Back to the future with persistent memory

The potential of persistent memory is to return computing to the pre-DRAM era but with vastly more powerful NVRAM servers, and external storage relegated to being a reference data store. 

Or so says Steven Sicola, the storage sage whose 40-year career includes senior technical roles at Compaq, Seagate, X-IO, SanDisk, Western Digital and Formulus Black

Server starvation NVRAM fix

In his presentation at the 2019 Flash Memory Summit this month, he argued that modern IT suffers from looming server starvation because data growth is accelerating and server processors and networks cannot keep up. By 2020 a tipping point will be reached, and server scaling will be inadequate in the face of data in the tens of zettabytes.

The memory-storage IO bottleneck is the fundamental flaw afflicting today’s servers. How to overcome this? SIcola’s answer is to re-engineer servers with non-volatile RAM (NVRAM) instead of DRAM.

Sicola presentation deck slide.

Such an NVRAM server would have all its primary storage in memory, and share this with other NVRAM servers, speeding up distributed computing by magnitudes, with no external storage getting in the way. The server is used for sequentially-written and read reference/archive data and holds all primary data in NVRAM memory. External storage is used for secondary, reference data.

Tipping point

Sicola reckons: “NVRAM based servers, accompanied by an NVRAM-optimised Operating System for transparent paradigm shift are just about here…this is a big tipping point.”

He thinks the flawed Von Neumann era could be about to end, with NVRAM servers: “We now see the re-birth of NVRAM with Intel’s Optane, WD’s MRAM, etc.”

Optane Persistent Memory is the deployment of 3D XPoint media in a DIMM form factor and accessed in application direct access (DAX) mode. It is non-volatile and also known as storage-class memory.

NVRAM servers will be able to handle many more virtual machines and much larger working data sets, especially for Big Data, AI, and all the other applications begging for more server power, from databases, mail, VDI, financial software, to, as Sicola says, you name it.

Memory-storage bottleneck

For Sicola, the big bottleneck now is between memory and storage, where there is an IO chokepoint.  That’s because storage access is so much slower than DRAM access. Despite the use of SSDs, CPU cycles are still wasted waiting for storage IO to complete.

A slide in his FMS19 presentation declared: “It has been the ‘Holy Grail’ for all software engineers and those making servers to have NVRAM instead of cache (DRAM), but have been living with a flawed Von Neumann architecture for almost 40 years!!
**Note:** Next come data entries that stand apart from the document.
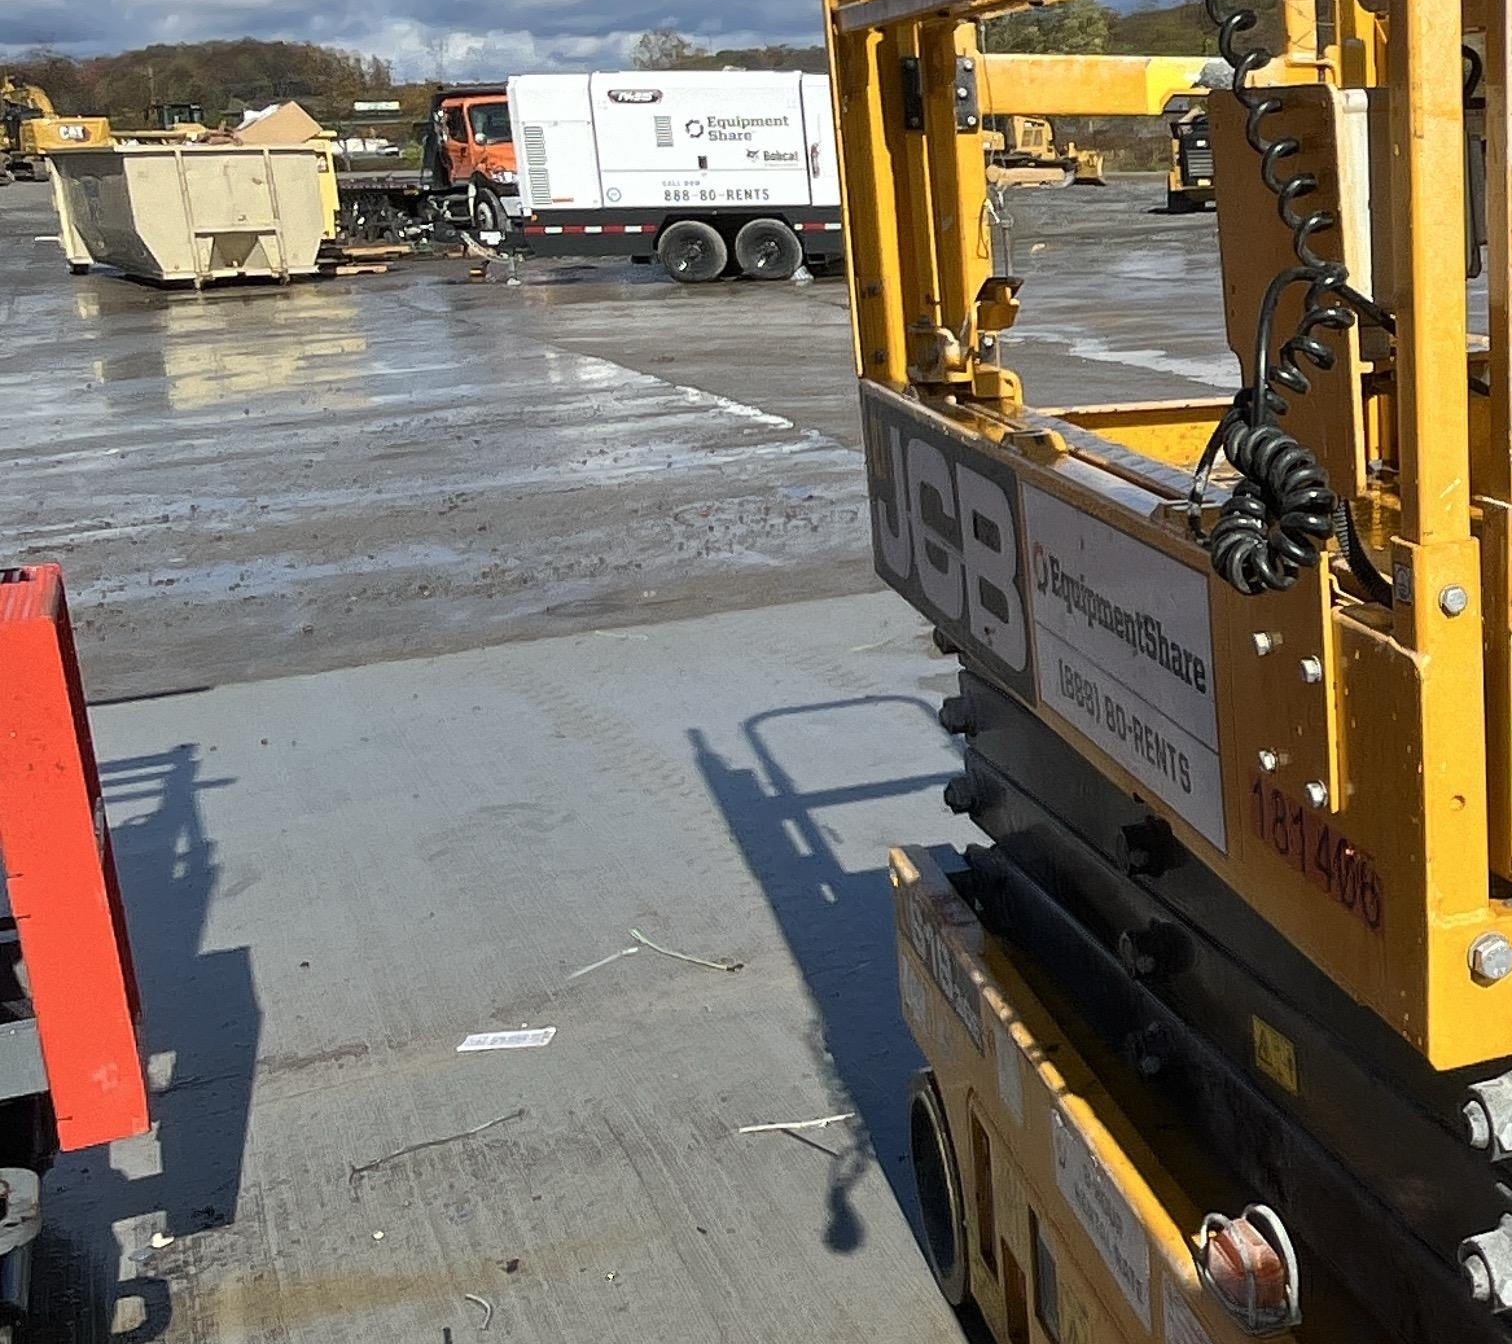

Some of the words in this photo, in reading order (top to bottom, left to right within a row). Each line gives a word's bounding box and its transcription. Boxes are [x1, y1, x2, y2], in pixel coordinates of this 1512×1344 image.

[707, 115, 790, 130] Equipment
[708, 130, 752, 142] Share
[878, 424, 1028, 674] JCB
[1048, 554, 1207, 695] EquipmentShare
[1058, 657, 1101, 724] (888)
[1104, 694, 1192, 795] 80-RENTS
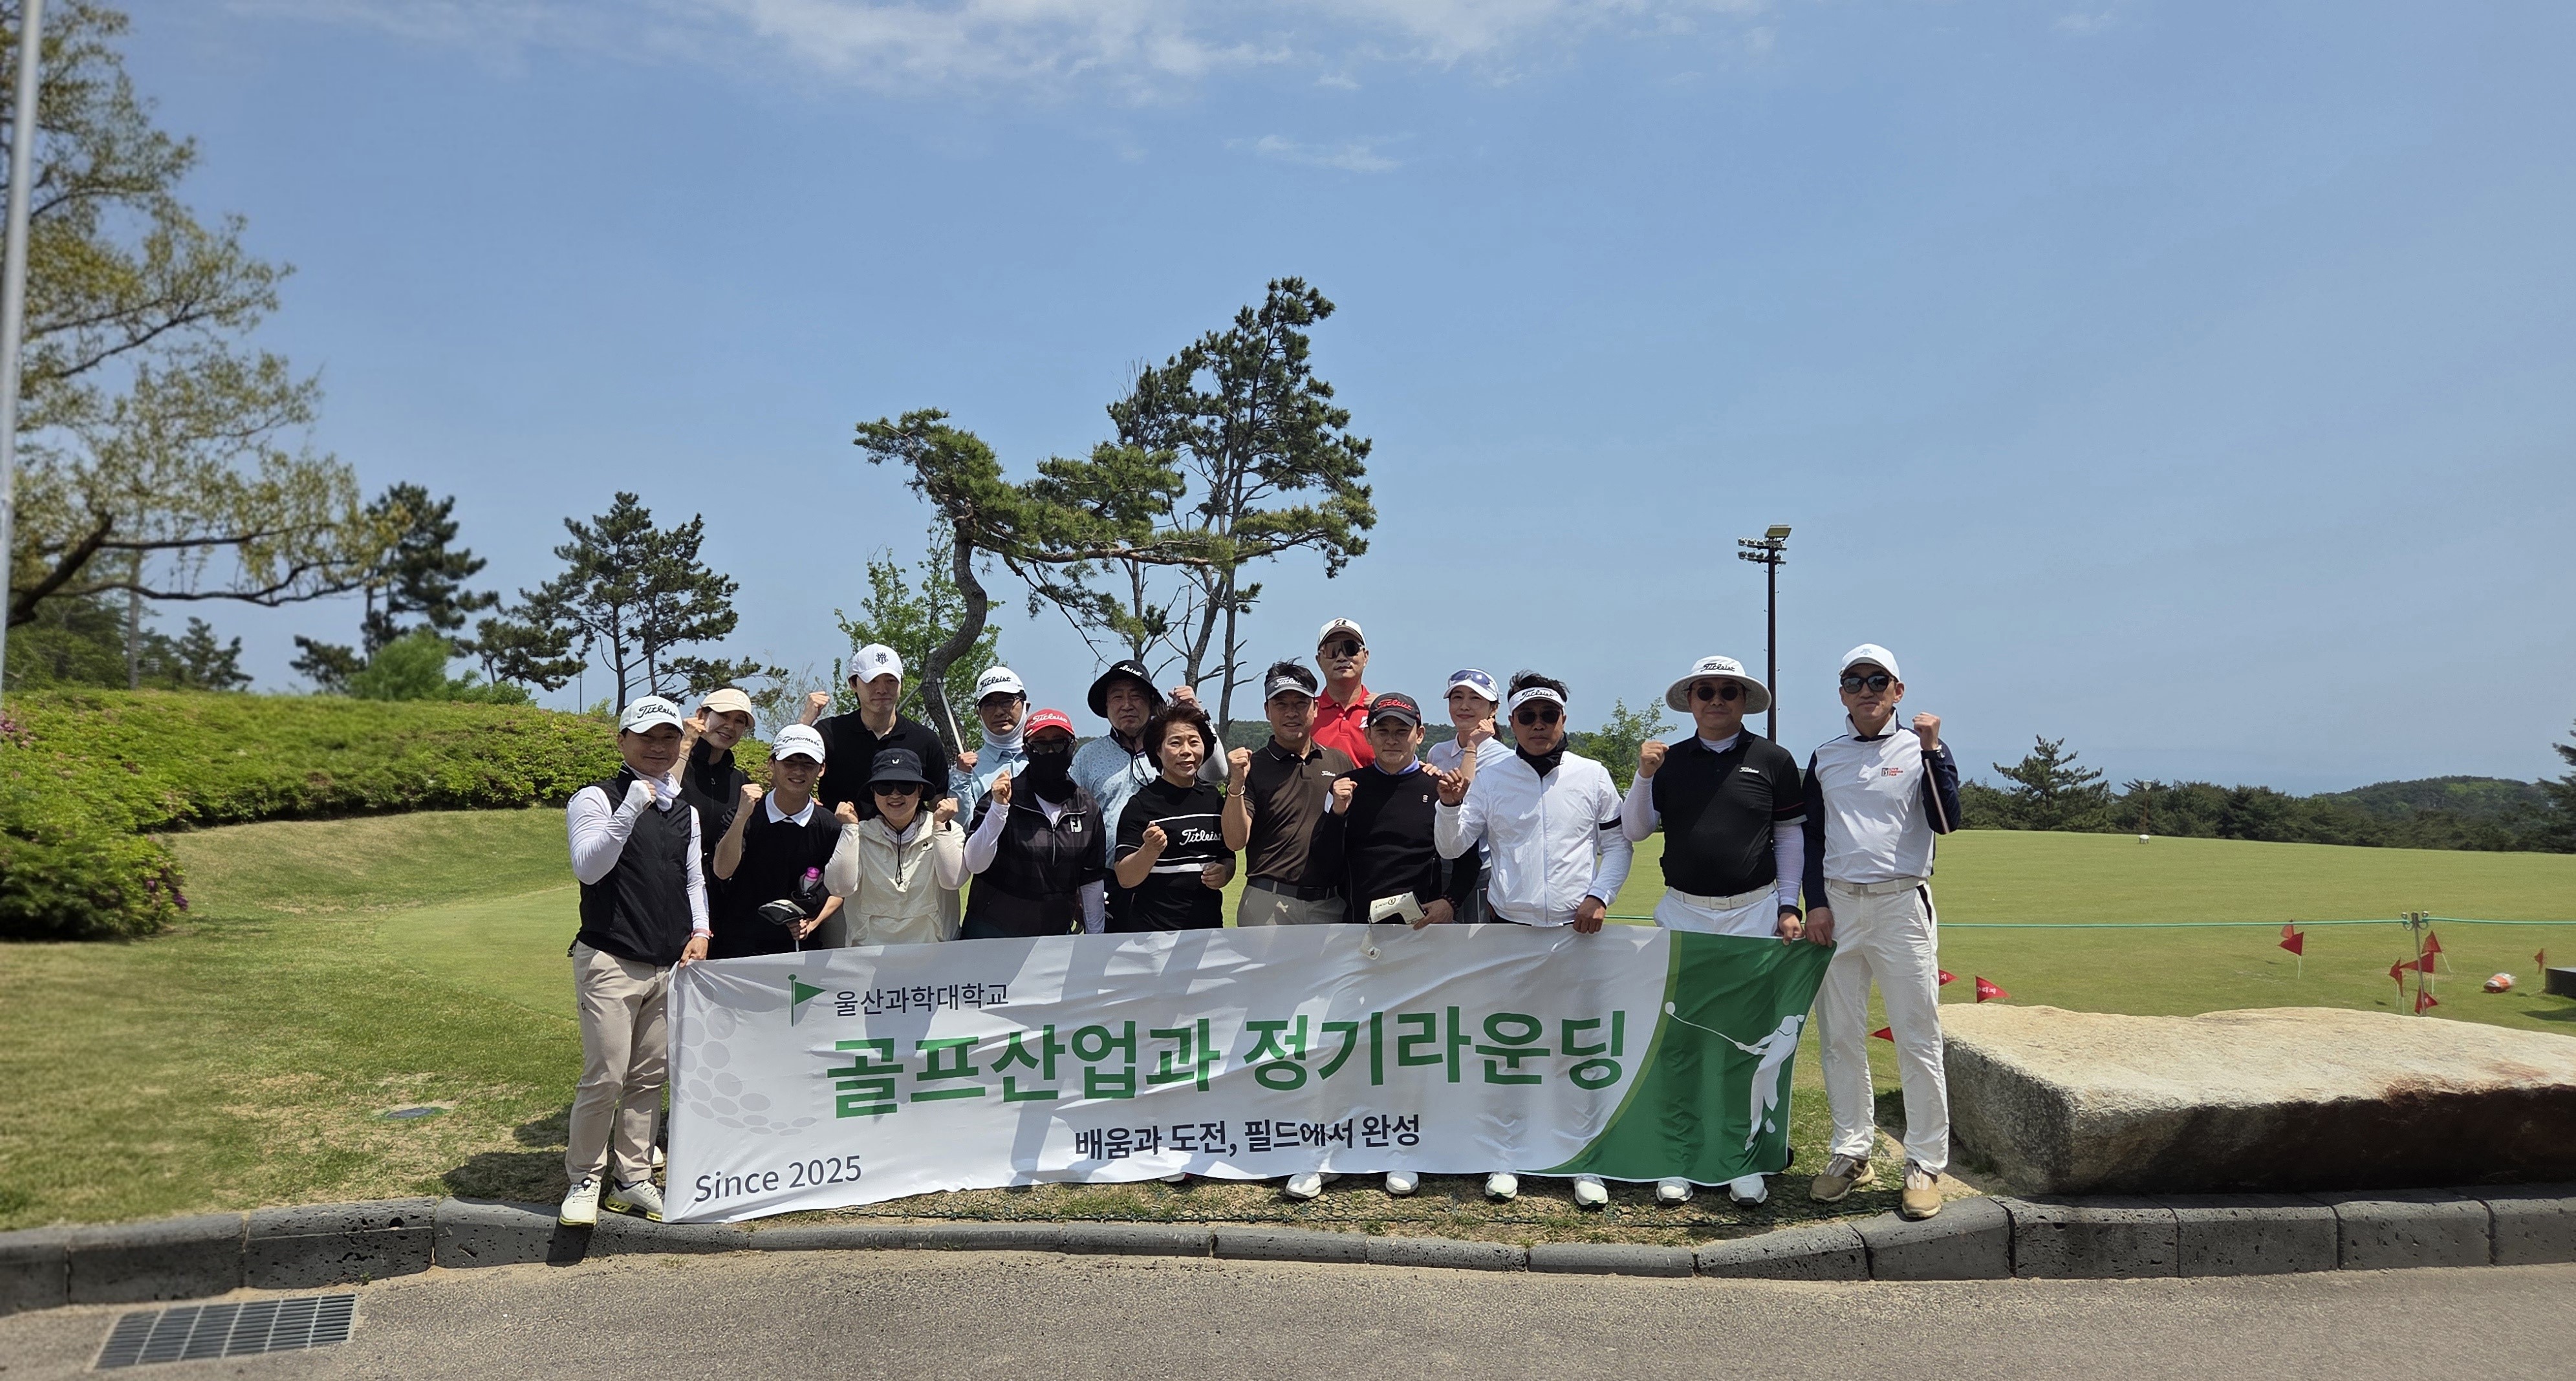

This bottleneck has come about because theVon Neuman computing architecture, seen in the first mainframes, has become modified and flawed

The original mainframes did not have dynamic random access memory (DRAM), the volatile stuff. Instead they used NVRAM – remember ferrite cores? These machines were examples of Von Neumann architecture, which was first described in 1945. Minicomputers also used Von Neumann architecture. 

Von Neumann architecture

In these systems a central processing unit accessed instructions and data from a memory unit. This used non-volatile memory as dynamic or volatile random-access memory (DRAM) wasn’t commercially available until the 1970s. Instructions and data were loaded from an input peripheral unit and the system output data to an output peripheral unit. 

As systems developed, a bottleneck was identified between the CPU and the memory unit. Instructions and data were read in to the CPU over a single data path. A later Harvard architecture machine has separate instruction and data paths, enabling the system to operate faster.

A modified Harvard architecture machine combines the data and instruction memory units with a single address space, but has separate instruction and data pathways between it and discrete instruction and data caches. The caches are accessed by the CPU.

This architecture is used by x86, ARM and Power ISA processors. The memory units use DRAM technology, dating from the 70s, with x86 processors appearing from 1978 onwards. DRAM usage meant persistent storage was separate from memory, with memory functioning as a cache.

Since then CPUs have gained faster clock rates and more cores, CPUs have developed a hierarchy of ever-faster caches and internal data paths have sped up, with today’s PCIe 3 making way for its successor, PCIe 4.0.

But not today, not yet

However NVRAM servers are not yet ready to go mainstream, according to Sicola. Today’s hybrid RRAM/flash NVDIMMs are too early as they are too expensive, do not have enough capacity and are over-complex with firmware in memory.

He thinks network bandwidth could rise markedly, with today’s switch-based networking changing over to memory-like hops with torus networks, such as those from Rockport Networks. Memory fabrics like Gen Z could also speed data transfer between NVRAM servers, with PCIe 4.0 accelerating internal traffic.

It’s a glorious future but will it come to pass? Will 40 years of x86 servers using DRAM give way to servers based around persistent memory? Some might think that’s a big ask.